Madon said she appreciates the launching
of the judicial inquiry, although she said family members deserve at least as
much credit as politicians for pushing the matter.

Wong,
84, is more effusive, saying that Harper and his lead MP on the redress issue,
Multiculturalism Minister Jason Kenney, showed far more respect for the
community than their predecessors. Wong should know. In 2005 he put on his old
air force uniform from the Second World War and rode his Honda Goldwing motorcycle from Victoria
to Ottawa to
push the redress case.

But
he couldn't get closer than a few metres from
then-prime minister Paul Martin before being “pounced” on by RCMP
security.

Wong
said Thursday the Harper government's apology and redress package involving
$20,000 cheques which went to surviving head tax
payers or their surviving widows of payers, was a “huge”
breakthrough.

“But
that's just the first step,” he said, stressing that $20,000 cheques should go to the families of each of the more than
80,000 Chinese immigrants who paid the charge imposed between 1885 and 1923.

Those
four issues were far from the only ones sure to be brought back under the
spotlight if the minority government falls and an election is triggered.

poneil@png.canwest.com

CHECKLIST
OF KEY B.C. PROMISES:

FULFILLED


Appoint an independent judicial inquiry into the Air India bombing of June 23,
1985.


Freeze the sale of the Ridley Island Coal Terminal in
Prince Rupert .


Apologize and provide financial redress for victims of racist Canadian laws
aimed at Chinese immigrants.

(note:
Only surviving headtax payers and spouses were offereded ex-gratia
payments, meaning only 0.05% of 81,000 head tax certificates were being
honoured.  The sons, daughters and grandchildren of pre-deceased
head tax payers are being purposefully ignored and excluded. – Todd
Wong )


Offer financial help to Victoria
to stop dumping raw sewage into the Juan de Fuca Strait.

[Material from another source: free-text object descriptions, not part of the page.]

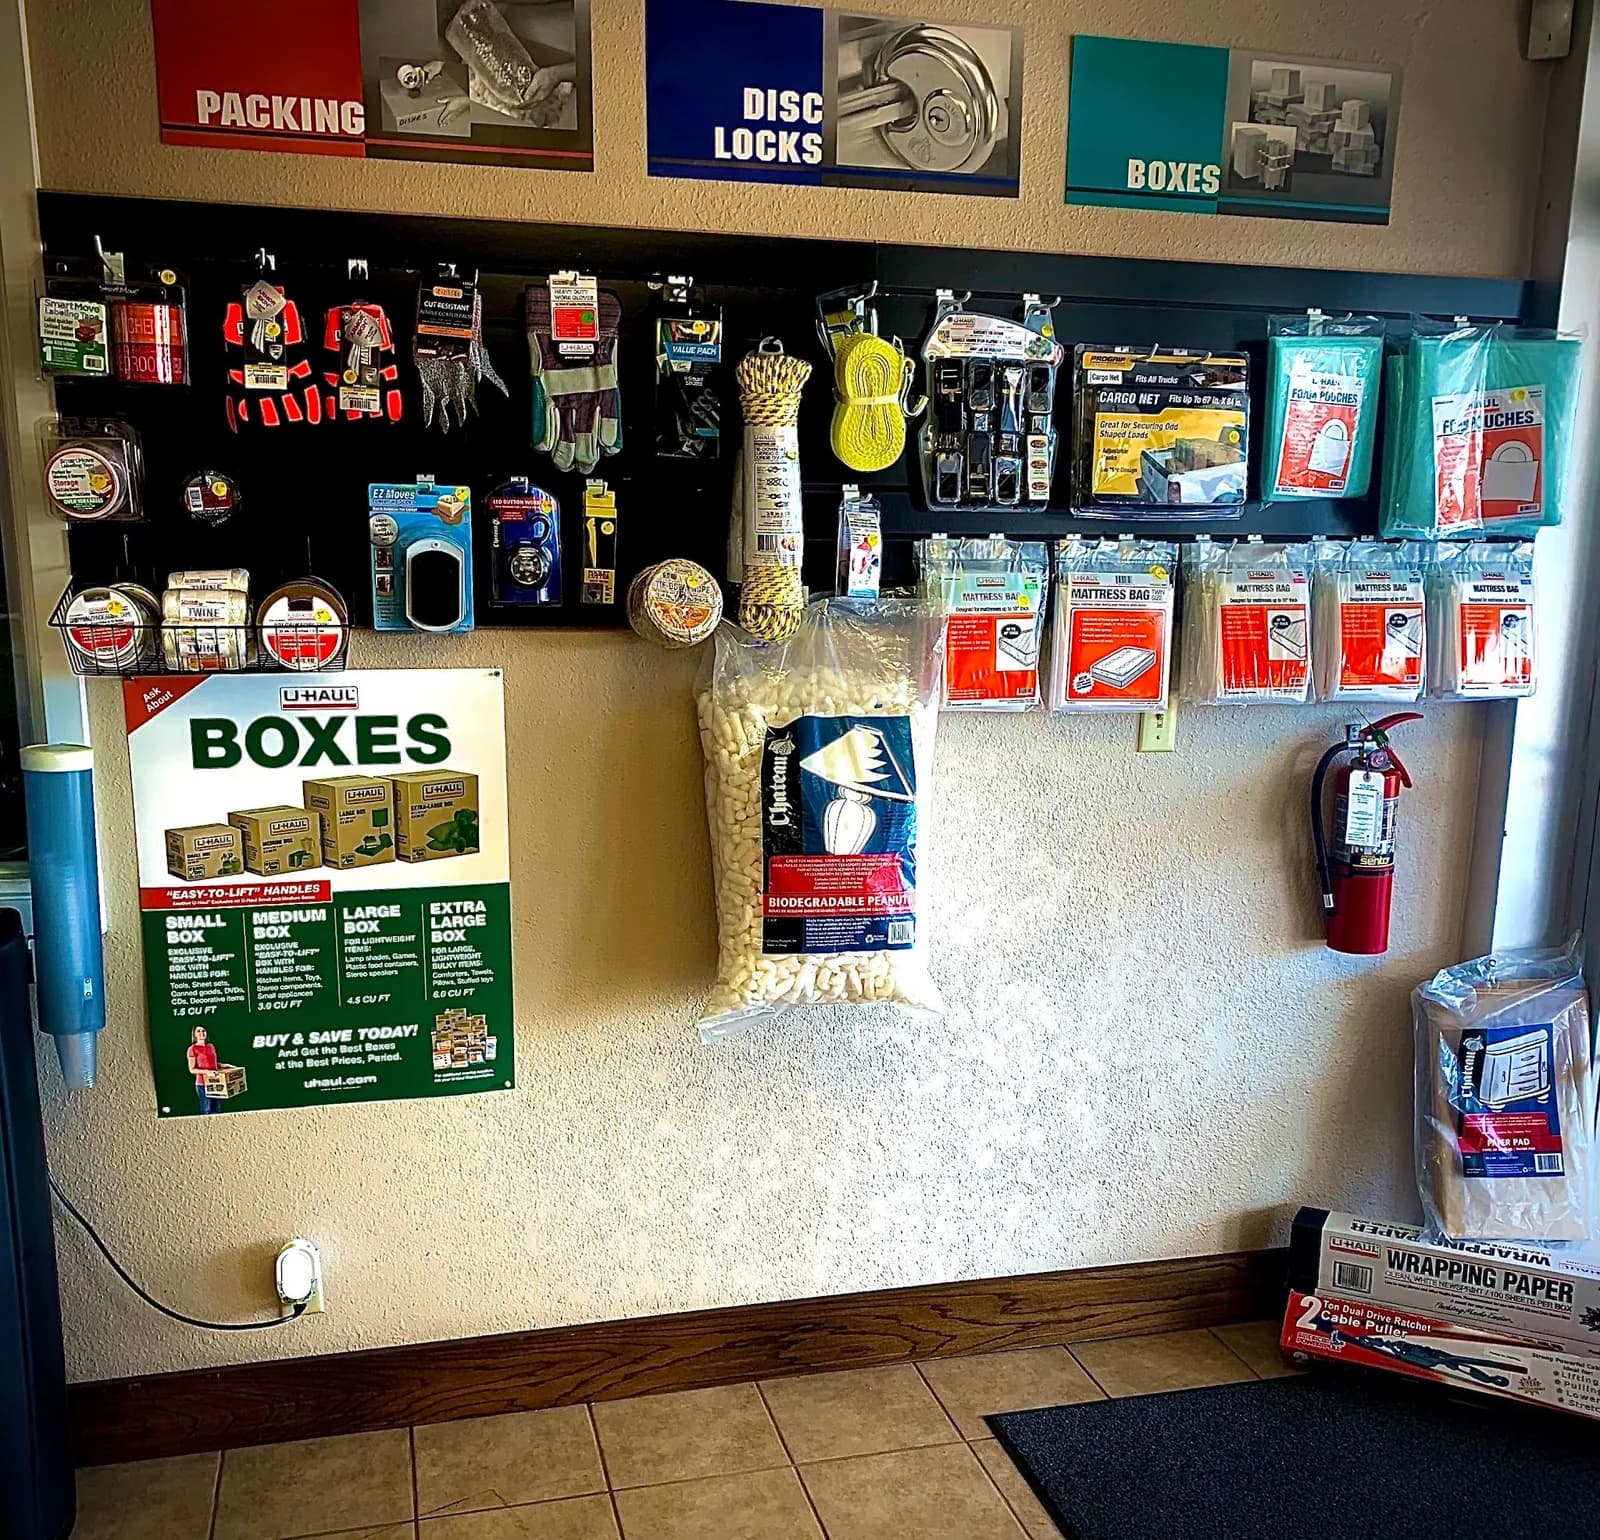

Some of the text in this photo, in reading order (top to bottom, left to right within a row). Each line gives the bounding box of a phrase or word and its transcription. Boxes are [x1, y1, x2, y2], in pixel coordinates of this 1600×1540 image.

[743, 87, 823, 124] DISC
[197, 89, 365, 135] PACKING
[714, 126, 822, 165] LOCKS
[1127, 158, 1221, 194] BOXES
[424, 300, 470, 311] CUT RESISTANT
[697, 347, 717, 355] PACK
[1091, 372, 1108, 382] Cargo
[1135, 374, 1178, 384] Fits All Trucks
[1099, 391, 1161, 405] CARGO NET
[1169, 394, 1182, 403] Fits
[1182, 395, 1193, 404] Up
[1202, 396, 1212, 404] 67
[1320, 391, 1358, 403] POUCHES
[1100, 421, 1119, 429] Great
[1121, 421, 1131, 429] for
[1132, 421, 1163, 431] Securing
[1100, 430, 1149, 439] Shaped Loads
[373, 489, 416, 500] EZ Moves
[1071, 588, 1126, 600] MATTRESS
[1129, 589, 1150, 600] BAG
[1236, 584, 1291, 592] MATTRESS BAG
[1355, 584, 1407, 592] MATTRESS BAG
[1473, 585, 1519, 593] MATTRESS BAG
[963, 592, 1004, 601] MATTRESS
[189, 607, 220, 617] TWINE
[142, 686, 161, 703] Ask
[283, 688, 355, 702] U-HAUL
[145, 690, 174, 713] About
[189, 713, 452, 769] BOXES
[348, 789, 384, 800] U-HAUL
[425, 783, 462, 794] U-HAUL
[767, 755, 789, 826] Chateau
[272, 819, 307, 831] U-HAUL
[197, 837, 232, 848] U-HAUL
[264, 884, 320, 896] HANDLES
[430, 900, 486, 915] EXTRA
[769, 896, 865, 908] BIODEGRADABLE
[252, 908, 326, 925] MEDIUM
[343, 904, 401, 920] LARGE
[166, 914, 227, 929] SMALL
[344, 920, 380, 934] BOX
[431, 914, 486, 929] LARGE
[166, 930, 205, 944] BOX
[253, 925, 291, 939] BOX
[431, 929, 466, 943] BOX
[254, 942, 299, 951] EXCLUSIVE
[344, 935, 416, 946] FOR LIGHTWEIGHT
[168, 947, 213, 956] EXCLUSIVE
[344, 945, 371, 954] ITEMS:
[255, 959, 272, 967] BOX
[432, 952, 482, 962] LIGHTWEIGHT
[169, 963, 209, 972] BOX WITH
[256, 966, 294, 975] HANDLES
[432, 960, 484, 970] BULKY ITEMS:
[170, 970, 230, 980] HANDLES FOR:
[369, 969, 398, 978] speakers
[347, 993, 391, 1004] 4.5 CU FT
[432, 988, 475, 998] 6.0 CU FT
[173, 1005, 217, 1017] 1.5 CU FT
[257, 1000, 303, 1011] 3.0 CU FT
[253, 1023, 419, 1049] BUY & SAVE TODAY!
[278, 1042, 396, 1058] And Get the Best Boxes
[275, 1053, 403, 1070] at the Best Prices, Period.
[304, 1075, 377, 1089] uhaul.com
[1512, 1138, 1530, 1146] PAD
[1332, 1237, 1380, 1254] U-HAUL
[1387, 1249, 1497, 1288] WRAPPING
[1503, 1271, 1574, 1303] PAPER
[1385, 1270, 1572, 1312] CLEAN, WHITE NEWSPRINT 100 SHEETS PER BOX
[1296, 1295, 1431, 1333] 2 Ton Dual Drive Ratchet
[1321, 1310, 1408, 1338] Cable Puller
[1532, 1352, 1585, 1368] Strong Powerful
[1563, 1365, 1579, 1373] Ideal
[1561, 1371, 1598, 1386] Lifting
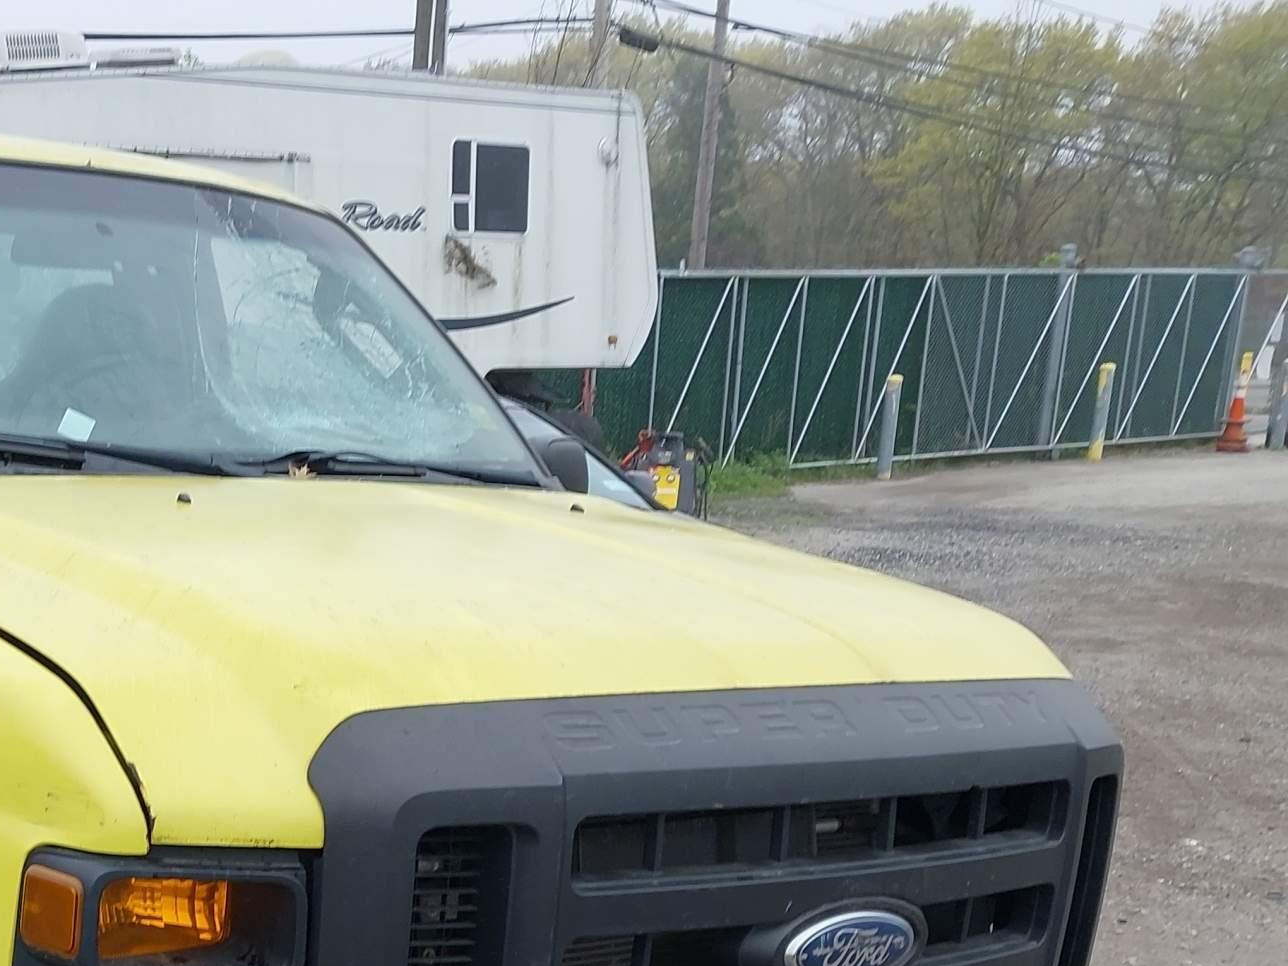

“Protect” B.C.'s softwood lumber industry, a commitment which led to
a controversial settlement of the longstanding trade dispute with the
U.S.


Invest $100 million a year for 10 years in the fight against the pine beetle
epidemic in B.C. forests. (That money was committed in the 2006 budget, though
Harper acknowledged Wednesday that the money has been slow in getting to B.C.
projects.)


Deliver at least the five-year federal funding commitment of $591 million for
the Pacific Gateway Initiative. The government has committed $1 billion over
eight years.

NOT
FULFILLED YET


Initiate an independent judicial inquiry into the collapse of the sockeye
salmon stocks on the Fraser
River .


Establish a regular army presence in B.C.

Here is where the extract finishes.